At no point was there a comprehensive plan for what the UX should be like. there were lots of plans that people made, posted about, got many likes. Lots of redesigns of the button, new social features, avatars etc.
Carmak kept on banging on about time to fun, but he never managed to actually make that work. So a social company with a massive social graph, has a product where you can't easily join your friends in a game. (that might of changed, they revoked all my games when I left so I haven't logged in.)
But your point right, in all the years threads is the only new product they have launched, and that only happend by accident.
Meta's SOP is basically have an idea that gets zuck hard, do a small PoC, it shows promise, scale the team from 10 to 3000, and don't deliver anything.
The labelling I don't think is an attrition thing, I think its doing standard facebook shit, throw people at the problem, without thinking about how that would work
Problem? This is the best news I've heard in a while.

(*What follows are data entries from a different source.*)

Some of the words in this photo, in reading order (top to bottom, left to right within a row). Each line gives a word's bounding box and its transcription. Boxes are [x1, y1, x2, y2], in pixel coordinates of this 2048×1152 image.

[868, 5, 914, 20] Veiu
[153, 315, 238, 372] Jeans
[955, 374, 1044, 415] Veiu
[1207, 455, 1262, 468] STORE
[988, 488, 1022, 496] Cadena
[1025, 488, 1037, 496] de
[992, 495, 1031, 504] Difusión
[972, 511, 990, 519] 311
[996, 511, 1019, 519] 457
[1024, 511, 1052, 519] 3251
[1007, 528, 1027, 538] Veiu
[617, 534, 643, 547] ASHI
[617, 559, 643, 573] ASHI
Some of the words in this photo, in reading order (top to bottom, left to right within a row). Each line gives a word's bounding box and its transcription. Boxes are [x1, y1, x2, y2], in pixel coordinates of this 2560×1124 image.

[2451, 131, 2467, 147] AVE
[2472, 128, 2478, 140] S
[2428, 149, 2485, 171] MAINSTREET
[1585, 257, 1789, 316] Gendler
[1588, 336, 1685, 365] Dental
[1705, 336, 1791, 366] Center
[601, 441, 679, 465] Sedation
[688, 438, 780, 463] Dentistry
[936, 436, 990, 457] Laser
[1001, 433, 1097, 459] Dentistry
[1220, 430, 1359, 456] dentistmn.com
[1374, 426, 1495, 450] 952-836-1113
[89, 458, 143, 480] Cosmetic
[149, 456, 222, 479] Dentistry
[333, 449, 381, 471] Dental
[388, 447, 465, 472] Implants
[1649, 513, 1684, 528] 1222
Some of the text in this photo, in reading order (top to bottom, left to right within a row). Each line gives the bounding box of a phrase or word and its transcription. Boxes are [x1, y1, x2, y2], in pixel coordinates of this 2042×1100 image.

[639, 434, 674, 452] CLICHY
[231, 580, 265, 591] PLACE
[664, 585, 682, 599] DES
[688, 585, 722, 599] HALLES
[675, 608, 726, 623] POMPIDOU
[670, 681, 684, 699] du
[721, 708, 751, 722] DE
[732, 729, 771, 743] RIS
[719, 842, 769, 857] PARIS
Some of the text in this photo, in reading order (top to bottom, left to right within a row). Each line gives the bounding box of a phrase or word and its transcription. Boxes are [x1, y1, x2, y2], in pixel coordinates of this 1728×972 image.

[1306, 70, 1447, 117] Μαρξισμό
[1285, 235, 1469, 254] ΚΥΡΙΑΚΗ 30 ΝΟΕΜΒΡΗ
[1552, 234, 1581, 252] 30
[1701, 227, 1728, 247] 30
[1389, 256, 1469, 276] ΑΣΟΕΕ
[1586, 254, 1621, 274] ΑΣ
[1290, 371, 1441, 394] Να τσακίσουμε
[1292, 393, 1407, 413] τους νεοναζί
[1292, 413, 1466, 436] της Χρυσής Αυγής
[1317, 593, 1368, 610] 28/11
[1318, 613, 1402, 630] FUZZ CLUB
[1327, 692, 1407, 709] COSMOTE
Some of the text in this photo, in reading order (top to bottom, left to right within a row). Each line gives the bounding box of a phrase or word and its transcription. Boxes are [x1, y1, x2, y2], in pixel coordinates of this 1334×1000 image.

"Things are going so fast and we need to catch up. Yesterday."
But you still have humans working for you. I doubt these label people are putting in their best efforts...
Meta employees being upset about being tracked is the height of irony.
software is now free, at least for the people that know the proper incantations required to manifest it into existence. software-only companies have no future. sending old-world SWEs into the undiscovered country results in high costs to the unprepared SWEs and high costs to their financiers who lose control as soon as the boots on the ground realize the wildfire is too close for comfort and new winds are blowing
the only viable way to separate assets from liabilities (payroll) fast enough for large corps to catch up with the growing number of claude-unicorn centaurs, and small herds of them, will be bankruptcy (could be wrong, i'm no lawyer)
Holy shit, talking about perverse incentives!
Almost every company is all in on AI so what makes Meta particularly bad?